15. A sleep therapy transducer for a patient, the sleep therapy transducer comprising:

a pyro/piezoelectric film configured to detect respiration information of the patient and configured to provide a stimulation to the patient;

a first electrode attached to a first major surface of the pyro/piezoelectric film;

a second electrode attached to a second major surface of the pyro/piezoelectric film;

a first conductive adhesive to attach the first electrode to the first major surface of the pyro/piezoelectric film;

a second conductive adhesive to attach the second electrode to the second major surface of the pyro/piezoelectric film;

a first wire coupled to the first electrode and a second wire coupled to the second electrode;

a first adhesive film substantially covering the first major surface of the pyro/piezoelectric film, the first adhesive film to secure the first wire to the first major surface of the pyro/piezoelectric film;

a second adhesive film substantially covering the second major surface of the pyro/piezoelectric film, the second adhesive film to secure the second wire to the second major surface of the pyro/piezoelectric film;

wherein the first and second wires are configured to transmit detected respiration information from the pyro/piezoelectric film to a closed loop neuromodulator, and to transmit stimulation energy from the closed loop neuromodulator to the pyro/piezoelectric film; and

wherein the first adhesive film is a double sided adhesive film configured to secure the sleep therapy transducer to the patient.

16. A method comprising:

detecting respiration information of a patient using a sleep therapy transducer attached to the patient, the sleep therapy transducer including a pyro/piezoelectric film;

transmitting the detected respiratory information from the sleep therapy transducer to a closed loop neuromodulator using a first electrode attached to a first major surface of the pyro/piezoelectric film and a second electrode attached to a second major surface of the pyro/piezoelectric film;

receiving stimulation energy from the closed loop neuromodulator using the first and second electrodes; and

providing a stimulation to the patient using the received stimulation energy.
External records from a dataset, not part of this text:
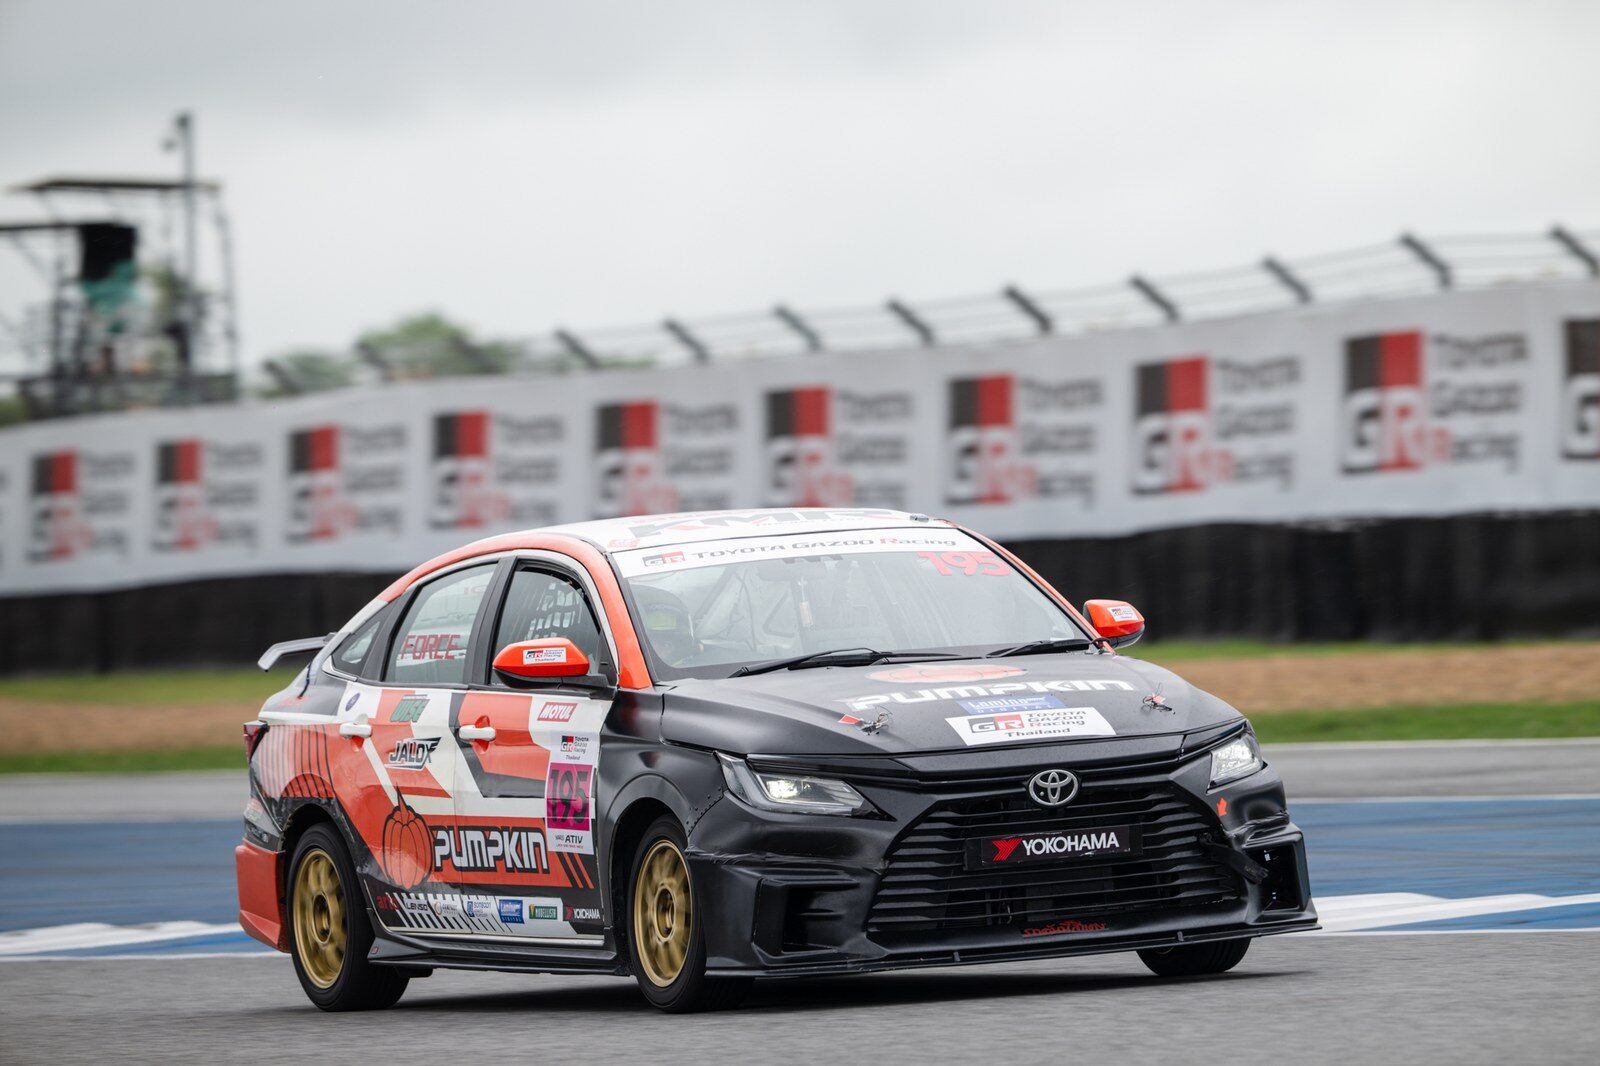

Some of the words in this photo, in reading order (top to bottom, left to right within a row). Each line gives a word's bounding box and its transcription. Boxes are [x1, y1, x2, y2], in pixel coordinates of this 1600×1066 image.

[692, 544, 786, 559] TOYOTA
[792, 539, 874, 550] GAZOO
[879, 538, 957, 548] Racing
[918, 551, 1011, 576] 195
[400, 634, 461, 659] FORCE
[849, 679, 1134, 711] PUMPKIN
[541, 704, 575, 720] MOTUL
[1025, 710, 1087, 718] TOYOTA
[1025, 715, 1085, 723] GAZOO
[970, 717, 1025, 733] GR
[1028, 719, 1086, 729] Racing
[1004, 727, 1071, 738] Thailand
[550, 769, 588, 823] 195
[565, 834, 583, 845] ATIV
[1022, 832, 1120, 856] YOKOHAMA
[434, 829, 549, 871] PUMPKIN
[406, 902, 429, 912] LENSO
[573, 908, 601, 919] YOKOHAMA
17. The method of claim 16, wherein the transmitting the respiration information includes transmitting the respiration information using a using a single wire pair coupled to the first and second electrode.

18. The method of claim 17, wherein the receiving the stimulation energy includes receiving the stimulation energy using the single wire pair coupled to the first and second electrode.

19. The method of claim 16, wherein the providing the stimulation includes providing the stimulation behind an ear of the patient.

20. The method of claim 16, wherein the providing the stimulation includes providing the stimulation near a lip of the patient.

21. The method of claim 16, wherein the providing the stimulation includes providing the stimulation to the patient's nose.

22. The method of claim 16, wherein the providing the stimulation includes providing the stimulation to the patient's neck.

23. The method of claim 16, wherein the providing the stimulation includes providing at least one of tactile stimulation or acoustic stimulation.